21/11/11

Professione mister. A lezione all'Università di Coverciano

Chi è appassionato di calcio sa che il centro tecnico di Coverciano è il tempio inviolabile della Nazionale. Il luogo da cui partono, ogni volta, le spedizioni dell'Italia di Prandelli in Europa e nel mondo. E' il posto dove si coltivano i sogni, non solo dei calciatori professionisti ma anche di quelli che spesso vengono considerati come singoli e non come squadra: gli allenatori.... LEGGI TUTTO L'ARTICOLO E GUARDA IL VIDEO SU Sky.it

01/11/11

Cassano, quest'Italia che non ti merita

Oggi voglio indignarmi anch'io. E non c'entra la politica o la crisi economica. Lo faccio da sportivo, da giornalista e da cittadino italiano, offeso nell'orgoglio, nell'etica professionale e nel senso di appartenenza a questo Paese, come sempre bigotto e ignorante. M'indigno per difendere un ragazzo che sta vivendo un dramma che non è solo sportivo, ma di vita. Antonio Cassano è un personaggio che divide: insopportabile, sbruffone, talentuoso, vero, provocatore, simpatico. Dipende dai punti di vista, lo capisco. Ma prima di tutto è un uomo, un marito e un padre. Ciò che non posso comprendere, che mi sbalordisce e mi rattrista, sono i commenti, le ipotesi, le illazioni, i maldestri tentativi di ironizzare sulla sua complicata situazione di salute.

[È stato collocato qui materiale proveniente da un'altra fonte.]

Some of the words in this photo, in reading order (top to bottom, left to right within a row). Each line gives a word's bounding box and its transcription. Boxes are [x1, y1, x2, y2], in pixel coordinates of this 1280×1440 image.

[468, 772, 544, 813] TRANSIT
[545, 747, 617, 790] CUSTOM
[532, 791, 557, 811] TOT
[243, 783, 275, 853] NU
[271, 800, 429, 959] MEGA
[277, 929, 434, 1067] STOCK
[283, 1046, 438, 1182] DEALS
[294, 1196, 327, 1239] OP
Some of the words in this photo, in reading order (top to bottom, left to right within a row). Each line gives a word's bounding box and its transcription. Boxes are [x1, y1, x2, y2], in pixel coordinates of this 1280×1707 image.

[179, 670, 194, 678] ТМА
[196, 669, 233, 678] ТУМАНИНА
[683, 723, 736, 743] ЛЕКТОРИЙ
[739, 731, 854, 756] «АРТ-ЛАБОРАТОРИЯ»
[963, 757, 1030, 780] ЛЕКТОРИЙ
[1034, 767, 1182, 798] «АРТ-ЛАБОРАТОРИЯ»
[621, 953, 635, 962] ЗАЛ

Di più perché arrivano a una settimana esatta dalla tragica morte di Marco Simoncelli, a pochi giorni dall'esequie pubbliche a cui, commossa, ha partecipato l'Italia intera in uno slancio di pietà, di unità, di senso di appartenenza, senza distinzioni geografiche, come mai avevo avuto occasione di constatare. In quell'occasione la rete, internet, i social network, i siti sportivi hanno funto da trait d'union di un sentimento condiviso, unanime e vero. Ma un dubbio mi assale: possibile che, invece, qualcuno abbia solo seguito la massa? Possibile che molti abbiano modificato la foto del profilo personale Facebook perché fa fico? Possibile che questo sentimento manifestato fosse dettato solo dal bisogno di omologazione che oggi pervade la società, i giovani in particolare?

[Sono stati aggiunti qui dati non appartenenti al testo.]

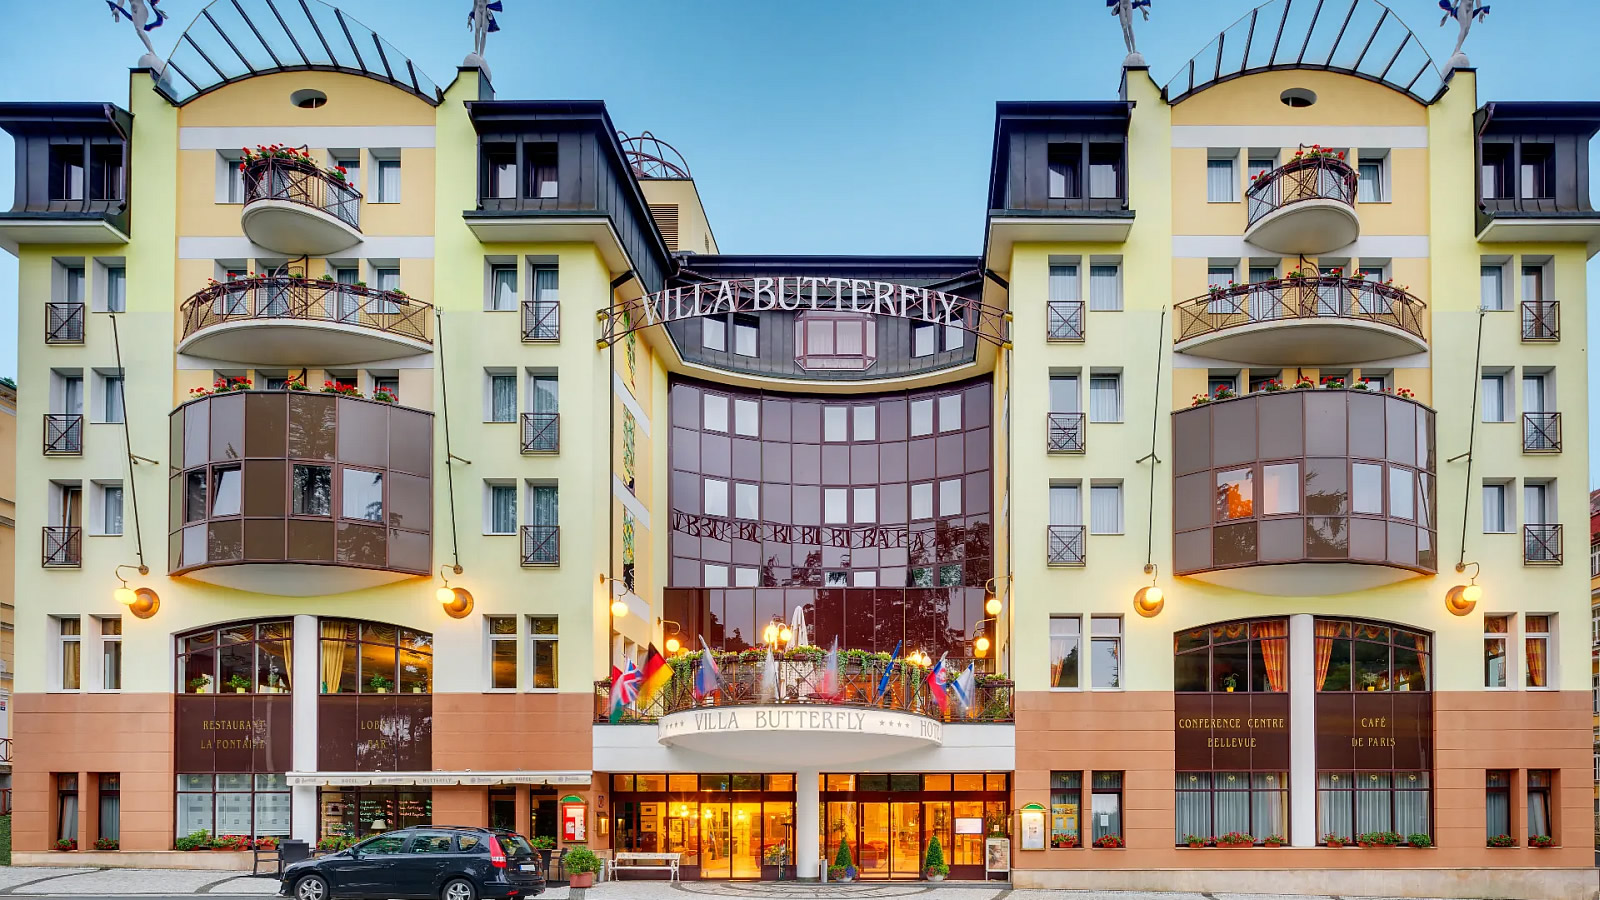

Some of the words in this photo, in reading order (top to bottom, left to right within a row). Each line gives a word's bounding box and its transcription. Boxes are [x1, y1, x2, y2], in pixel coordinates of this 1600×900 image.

Non so dare una risposta definitiva ma mi sembra evidente che internet rispecchi i pensieri di un Paese che, solo all'apparenza, è unito senza distinzioni nord-sud, senza campanilismi, senza differenze nel trattare un campione giovane, vero, ma anche personaggio come Marco Simoncelli, tragicamente sacrificato sull'altare del pericoloso Motorsport, rispetto a un altro campione, ugualmente giovane, ugualmente vero come Antonio Cassano che, se la prima diagnosi verrà confermata, ha visto la morte in faccia.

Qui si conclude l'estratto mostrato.